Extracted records
⟨

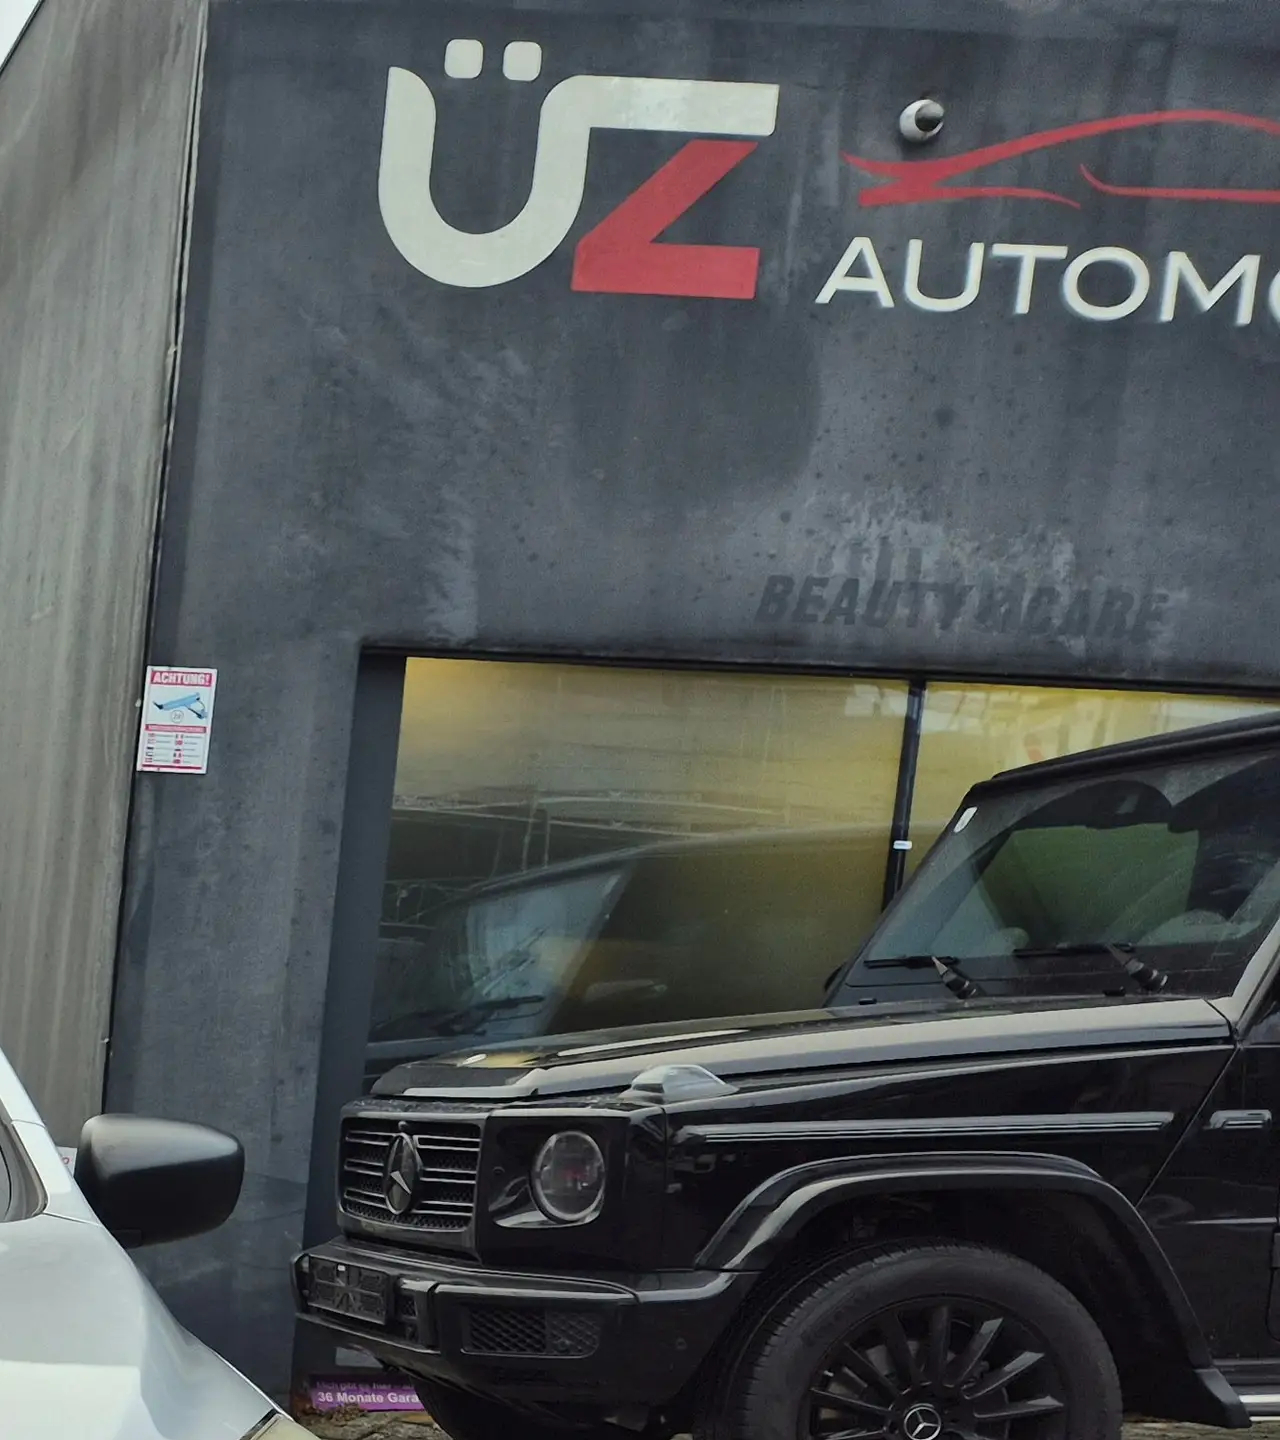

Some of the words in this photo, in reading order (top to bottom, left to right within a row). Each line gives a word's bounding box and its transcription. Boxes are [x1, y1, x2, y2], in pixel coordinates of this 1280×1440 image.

[378, 38, 780, 300] ÜZ
[815, 236, 1280, 328] AUTOM
[755, 574, 974, 630] BEAUTY
[152, 672, 210, 685] ACHTUNG!
[318, 1392, 333, 1402] 36
[336, 1391, 384, 1404] Monate

⟩

▶ **About this task**:
Without any pictures, retype the records above exactly.

▶ **Exercise output**:
Some of the words in this photo, in reading order (top to bottom, left to right within a row). Each line gives a word's bounding box and its transcription. Boxes are [x1, y1, x2, y2], in pixel coordinates of this 1280×1440 image.

[378, 38, 780, 300] ÜZ
[815, 236, 1280, 328] AUTOM
[755, 574, 974, 630] BEAUTY
[152, 672, 210, 685] ACHTUNG!
[318, 1392, 333, 1402] 36
[336, 1391, 384, 1404] Monate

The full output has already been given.